Packer still was negotiating with NBC when he got a phone call from CBS announcer Dick Stockton, whom Packer had become friends with when Stockton had been at NBC. Stockton told Packer CBS needed an analyst and consultant on college basketball. Was he interested?
"I was still mad at NBC," Packer said. "I told him, 'Sure, I'll talk to them.' "
They talked. It didn't take long. CBS was willing to give Packer everything he had asked for from NBC: a hand in scheduling, consulting, halftime shows, analysis. "It was what I had waited four months for NBC, my employer for eight years, to give me," he said. "I ended up meeting with NBC one morning and CBS that afternoon. I told my lawyer after the meeting with CBS I was going and I didn't care what the money was."
And so Packer left. NBC sort of shrugged. McGuire always had been considered the star, anyway. But McGuire missed Packer more than Packer missed him. Packer, who began in broadcasting in 1971 by doing ACC telecasts, had worked with lots of partners. Even though he missed his buddies, the adjustment wasn't that hard for him. For Enberg and McGuire, it was difficult.
Now, Enberg and McGuire seem to have a new comfort together. They have become much closer in recent years and, when McGuire signed a new four-year contract two years ago, he included a clause that requires that he be the analyst any time Enberg works a college basketball game. McGuire says he'll quit when this contract is up, but most people don't believe him. He is producing halftime shows through an independent contract with his son Rob and says he has enjoyed this season more than any since Packer left.
Packer and McGuire still talk, perhaps only in fantasy terms, about being back together on TV someday. "I think Billy thinks somehow it might happen again," McGuire said. "I don't think it will. Even if it did, I'm not sure the reaction to it would be the same. Times change. People change." They may be reunited, at least for one day, at the end of this month. McGuire has received permission from NBC to have Packer appear as a guest on his annual NCAA special, scheduled for March 31. If CBS clears the way, they will be back on television together for the first time in four years.
What do they miss most about each other? "I miss the idea of looking forward to being together on the weekend," Packer said. "Al and I never plan anything special, we never put on our calendars, 'Do this together.' But when we're together, whatever we do, we have fun."
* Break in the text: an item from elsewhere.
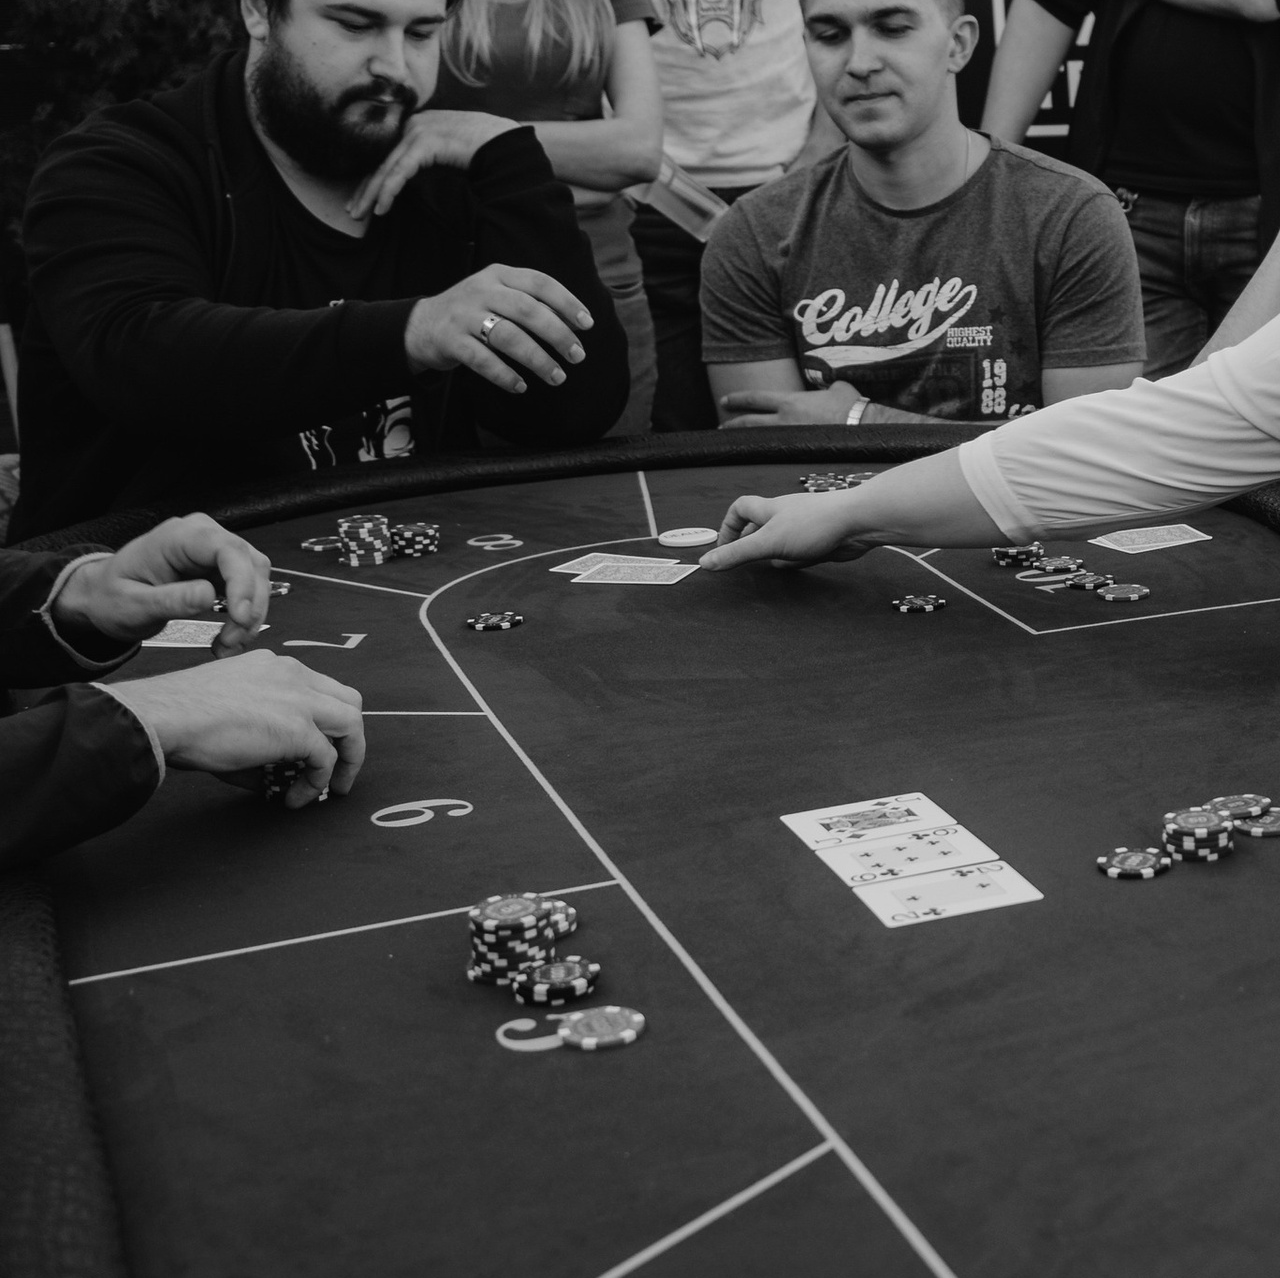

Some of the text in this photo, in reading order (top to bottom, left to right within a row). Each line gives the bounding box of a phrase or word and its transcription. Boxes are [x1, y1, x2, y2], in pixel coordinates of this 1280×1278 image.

"I miss having someone to scream at," McGuire said. "On or off the air, although I still get to do it off the air. But in the old days, whenever I got into trouble on the air, I'd just call Billy a name and get out of it that way. It always worked."
It is testimony to the endurance of The Act that a lot of people still think they hate each other. One afternoon last month, as McGuire was walking into Alumni Hall at St. John's to film a piece with Chris Mullin, a man approached and demanded an autograph.
As McGuire signed, the man asked, "Hey, where's Billy?"
"Who knows or cares?" McGuire answered. As the man walked away, McGuire laughed joyously. "Billy will love that one," he said.
They had just finished having breakfast together.